The only thing I hate more than health clubs are health club employees (specifically, Personal Trainers). Does anybody really need a personal trainer? I could understand using a personal trainer if he/she were free of charge. However, these crooks in workout clothes are charging over $80 per hour to watch you workout.
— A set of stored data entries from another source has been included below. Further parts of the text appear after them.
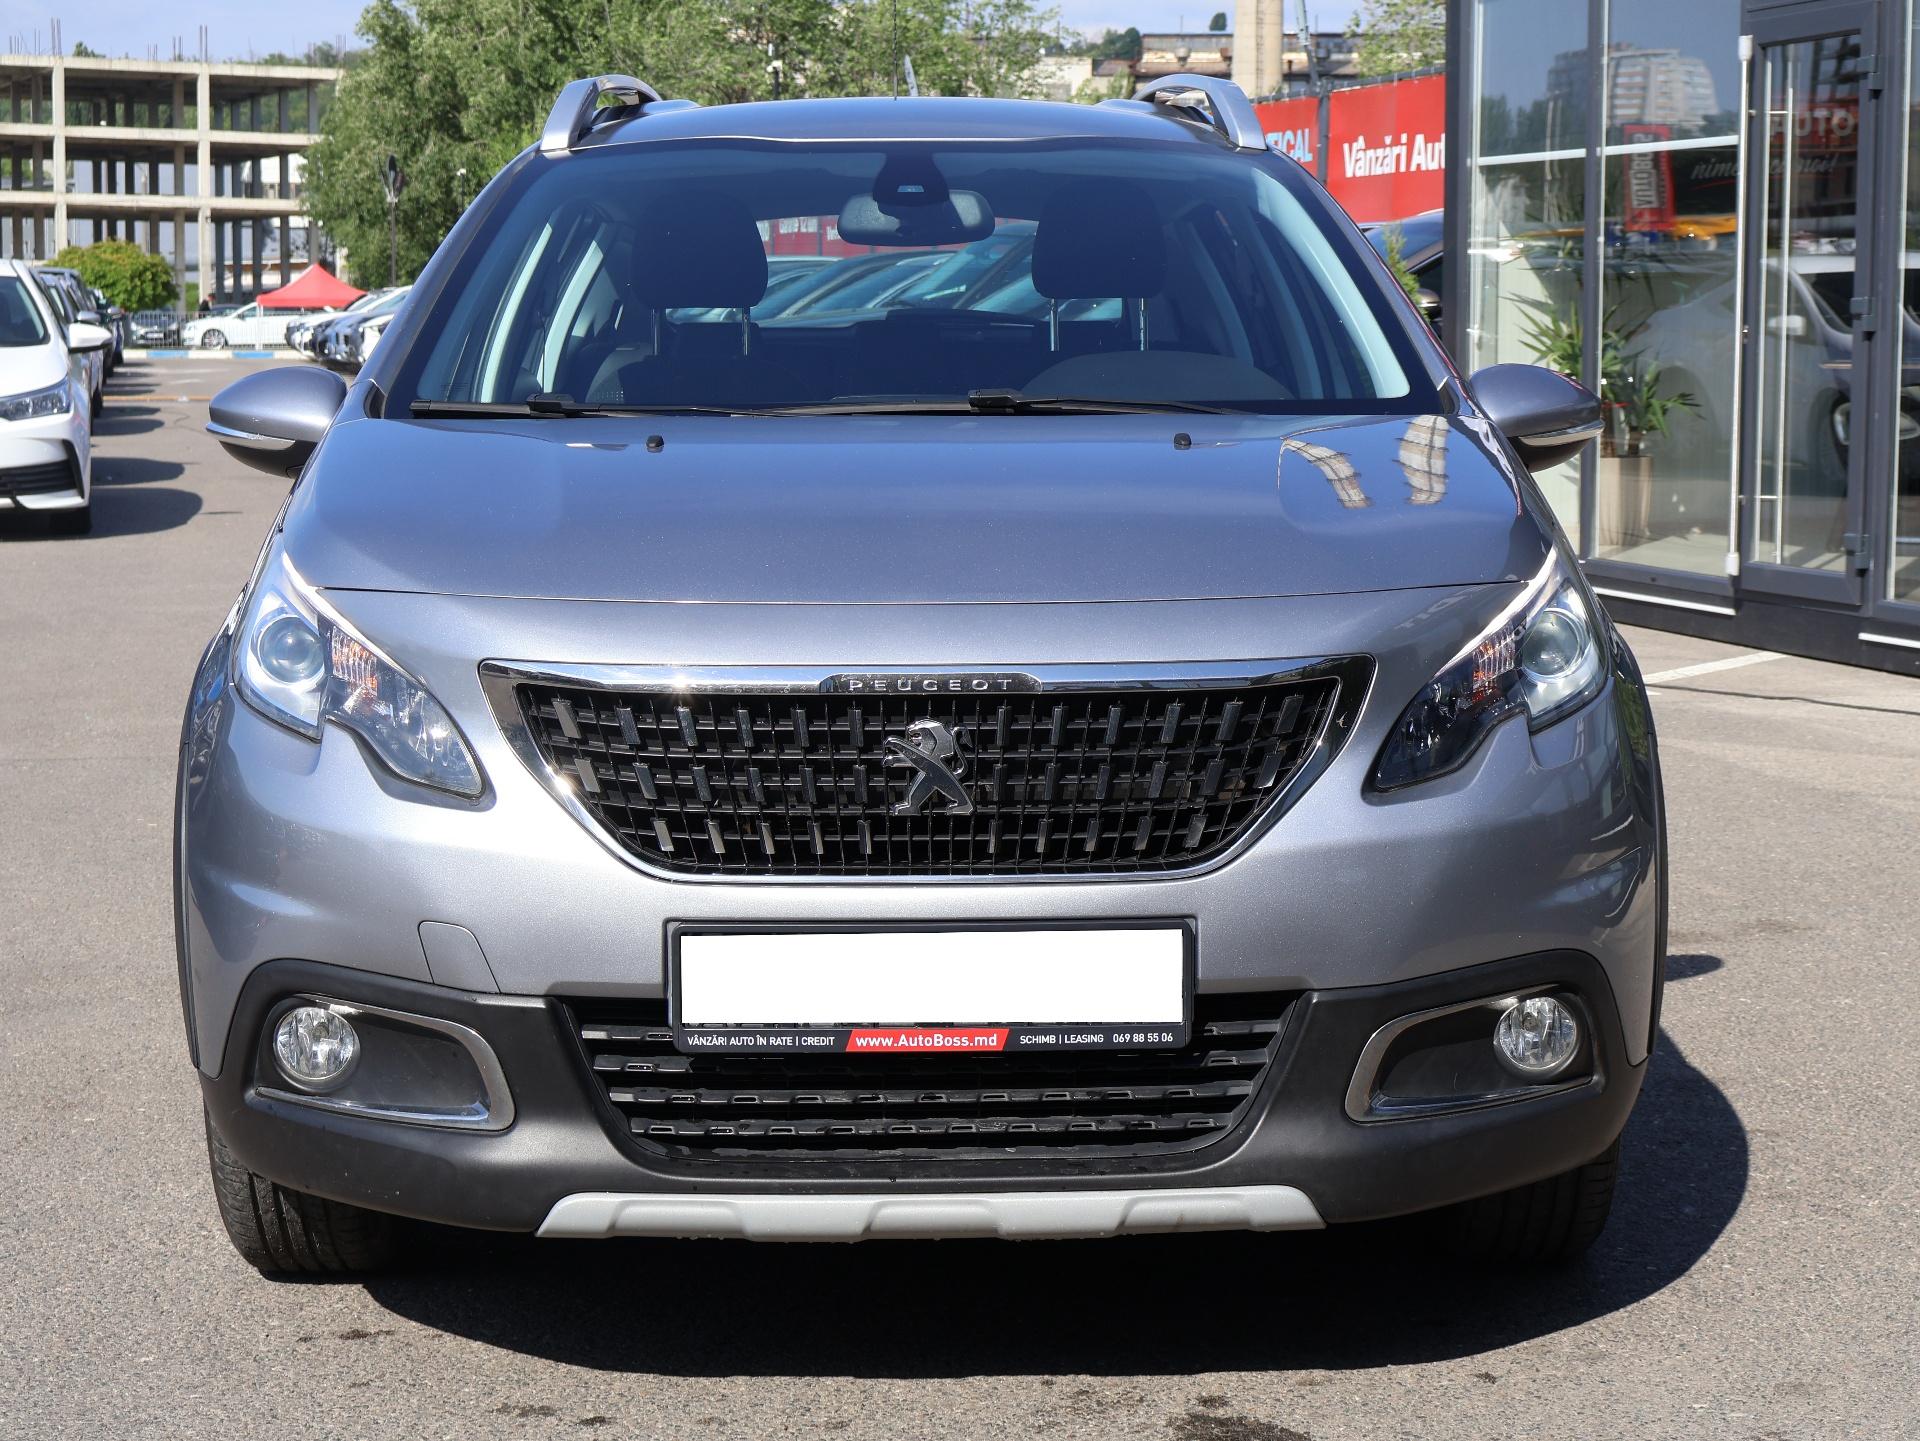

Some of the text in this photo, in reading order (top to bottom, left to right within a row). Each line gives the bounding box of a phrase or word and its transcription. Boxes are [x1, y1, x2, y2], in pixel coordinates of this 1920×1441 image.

[1343, 133, 1408, 178] Vânzări
[849, 679, 1012, 691] PEUGEOT
[687, 1034, 727, 1046] VÂNZĂRI
[729, 1036, 755, 1046] AUTO
[756, 1034, 768, 1046] ÎN
[769, 1036, 793, 1046] RATE
[801, 1036, 835, 1046] CREDIT
[855, 1033, 998, 1047] www.AutoBoss.md
[1019, 1035, 1056, 1044] SCHIMB
[1064, 1034, 1104, 1044] LEASING
[1112, 1033, 1130, 1043] 069
[1132, 1033, 1145, 1043] 88
[1147, 1033, 1159, 1042] 55
[1161, 1032, 1173, 1042] 06
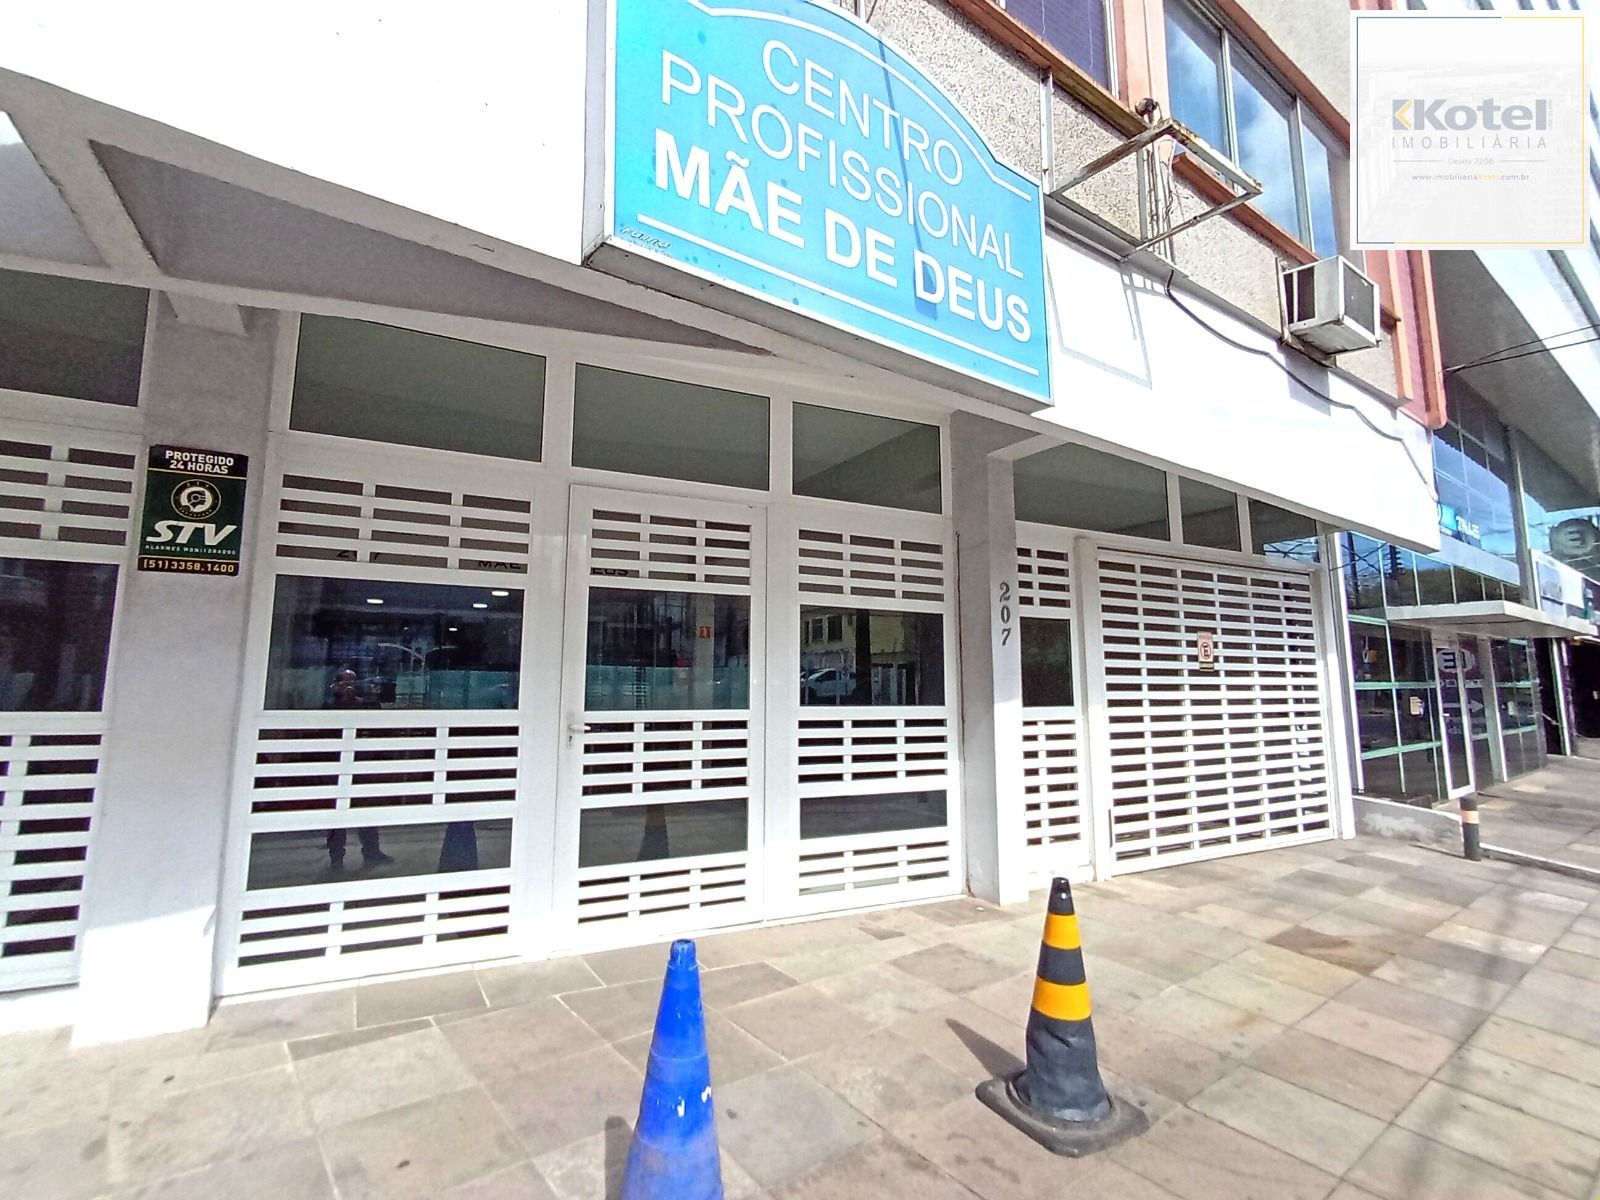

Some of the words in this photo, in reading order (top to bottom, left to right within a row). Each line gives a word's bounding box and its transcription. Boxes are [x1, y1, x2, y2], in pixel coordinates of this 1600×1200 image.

[762, 39, 965, 187] CENTRO
[661, 48, 1025, 280] PROFISSIONAL
[654, 127, 806, 249] MÃE
[825, 207, 899, 289] DE
[913, 248, 1032, 343] DEUS
[165, 450, 235, 467] PROTEGIDO
[169, 460, 185, 470] 24
[187, 461, 229, 475] HORAS
[145, 520, 238, 546] STV
[999, 581, 1012, 647] 207
So, let me guess this straight you have to pay for the privilege of joining this dump, then you have to pay to walk into the gym and use the equipment, then you have to pay $80 an hour to hire someone to watch you run on a treadmill or use an elliptical machine. Sign me up. I have a few grand to throw away. I once had a girlfriend who spent about $10,000 to have a personal trainer wake her up, so she could go to a few exercises an hour. I don’t even think she lost one pound that year.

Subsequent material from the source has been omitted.